* [What this task involves] Would you please restate the data exactly as it stands, apart from the pictures?

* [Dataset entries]
▬▬▬

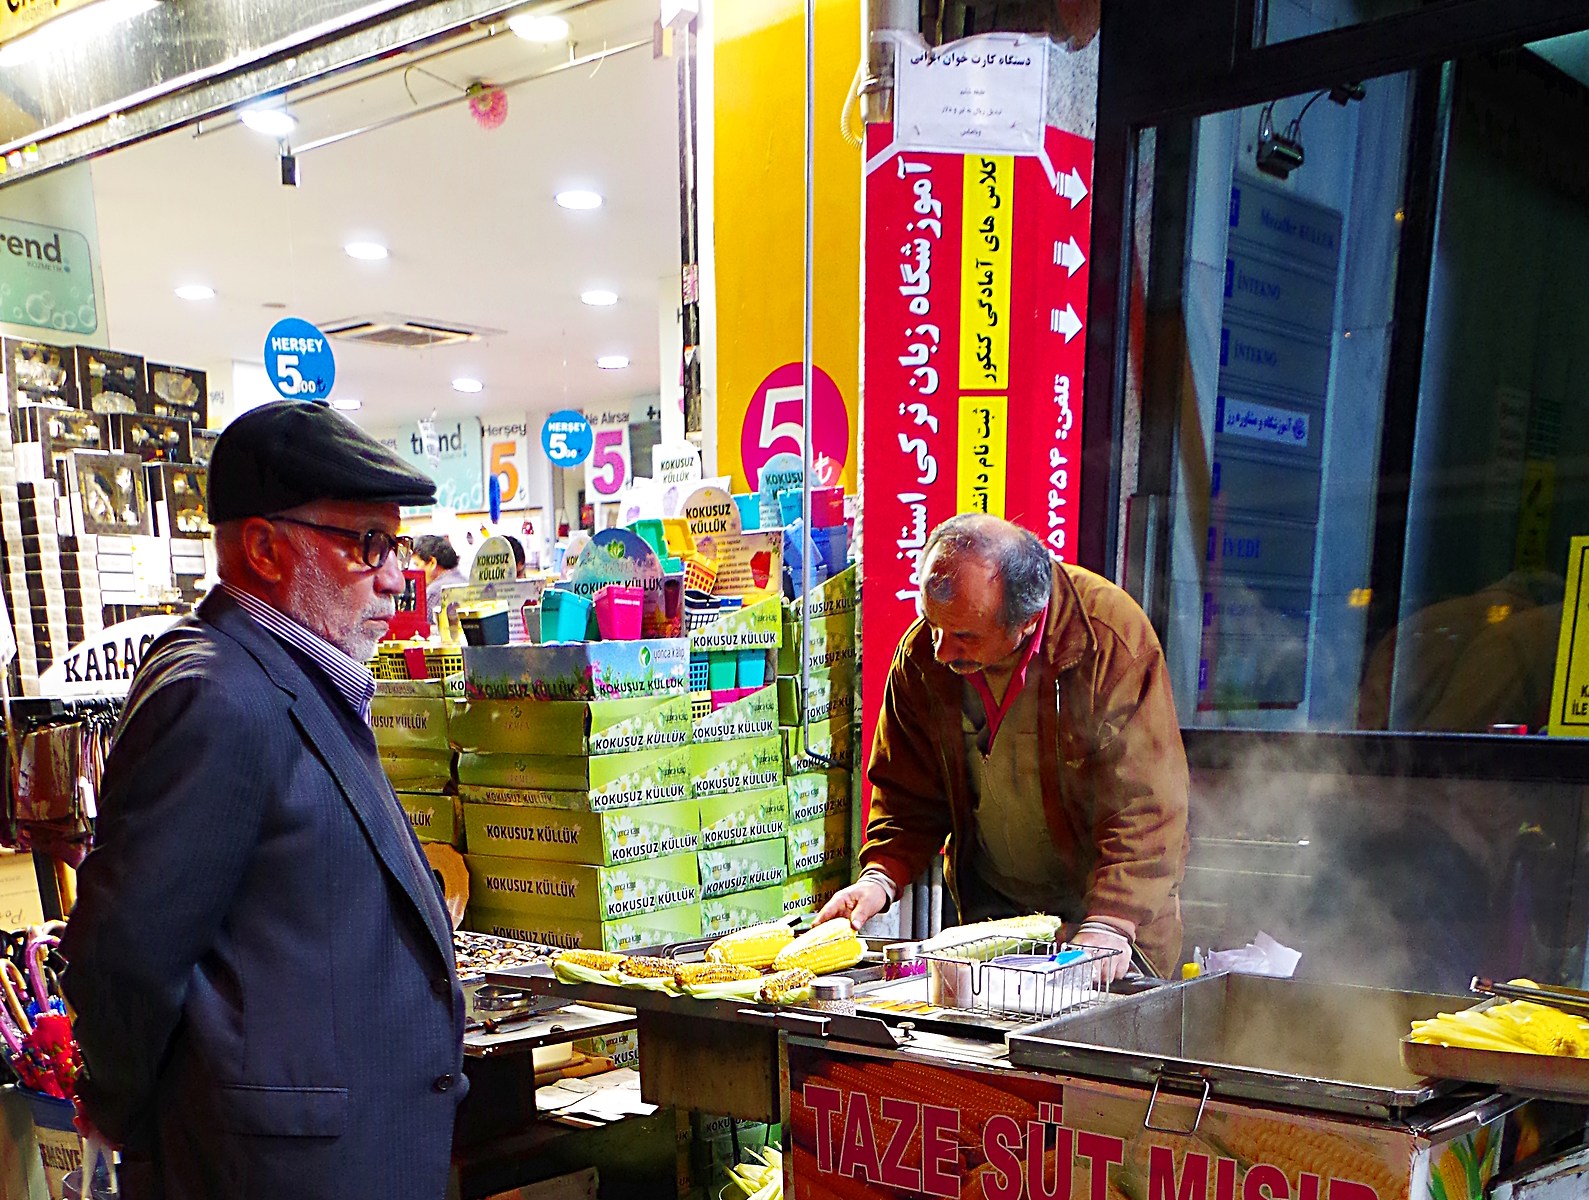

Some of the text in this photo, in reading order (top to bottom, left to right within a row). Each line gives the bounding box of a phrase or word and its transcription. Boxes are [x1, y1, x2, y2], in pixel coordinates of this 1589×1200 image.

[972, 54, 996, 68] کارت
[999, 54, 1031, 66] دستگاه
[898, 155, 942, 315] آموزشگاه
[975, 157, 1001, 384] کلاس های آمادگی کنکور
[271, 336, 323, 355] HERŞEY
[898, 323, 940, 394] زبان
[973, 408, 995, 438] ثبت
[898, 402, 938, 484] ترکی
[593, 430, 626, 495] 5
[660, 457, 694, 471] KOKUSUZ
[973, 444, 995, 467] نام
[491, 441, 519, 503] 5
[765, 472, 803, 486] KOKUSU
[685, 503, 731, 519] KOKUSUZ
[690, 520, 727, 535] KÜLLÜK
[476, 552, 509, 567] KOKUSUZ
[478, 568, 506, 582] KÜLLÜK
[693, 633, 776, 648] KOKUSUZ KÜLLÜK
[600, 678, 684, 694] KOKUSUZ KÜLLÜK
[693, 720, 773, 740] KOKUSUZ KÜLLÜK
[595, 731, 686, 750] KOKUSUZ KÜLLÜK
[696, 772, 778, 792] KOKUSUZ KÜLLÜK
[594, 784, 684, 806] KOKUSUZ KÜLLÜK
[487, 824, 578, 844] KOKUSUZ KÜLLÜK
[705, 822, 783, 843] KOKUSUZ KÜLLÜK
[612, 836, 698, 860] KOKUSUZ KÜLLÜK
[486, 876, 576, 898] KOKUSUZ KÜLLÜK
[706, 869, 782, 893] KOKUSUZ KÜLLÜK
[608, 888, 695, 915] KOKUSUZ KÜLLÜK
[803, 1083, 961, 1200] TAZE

▬▬▬

* [Task solution]
Some of the text in this photo, in reading order (top to bottom, left to right within a row). Each line gives the bounding box of a phrase or word and its transcription. Boxes are [x1, y1, x2, y2], in pixel coordinates of this 1589×1200 image.

[972, 54, 996, 68] کارت
[999, 54, 1031, 66] دستگاه
[898, 155, 942, 315] آموزشگاه
[975, 157, 1001, 384] کلاس های آمادگی کنکور
[271, 336, 323, 355] HERŞEY
[898, 323, 940, 394] زبان
[973, 408, 995, 438] ثبت
[898, 402, 938, 484] ترکی
[593, 430, 626, 495] 5
[660, 457, 694, 471] KOKUSUZ
[973, 444, 995, 467] نام
[491, 441, 519, 503] 5
[765, 472, 803, 486] KOKUSU
[685, 503, 731, 519] KOKUSUZ
[690, 520, 727, 535] KÜLLÜK
[476, 552, 509, 567] KOKUSUZ
[478, 568, 506, 582] KÜLLÜK
[693, 633, 776, 648] KOKUSUZ KÜLLÜK
[600, 678, 684, 694] KOKUSUZ KÜLLÜK
[693, 720, 773, 740] KOKUSUZ KÜLLÜK
[595, 731, 686, 750] KOKUSUZ KÜLLÜK
[696, 772, 778, 792] KOKUSUZ KÜLLÜK
[594, 784, 684, 806] KOKUSUZ KÜLLÜK
[487, 824, 578, 844] KOKUSUZ KÜLLÜK
[705, 822, 783, 843] KOKUSUZ KÜLLÜK
[612, 836, 698, 860] KOKUSUZ KÜLLÜK
[486, 876, 576, 898] KOKUSUZ KÜLLÜK
[706, 869, 782, 893] KOKUSUZ KÜLLÜK
[608, 888, 695, 915] KOKUSUZ KÜLLÜK
[803, 1083, 961, 1200] TAZE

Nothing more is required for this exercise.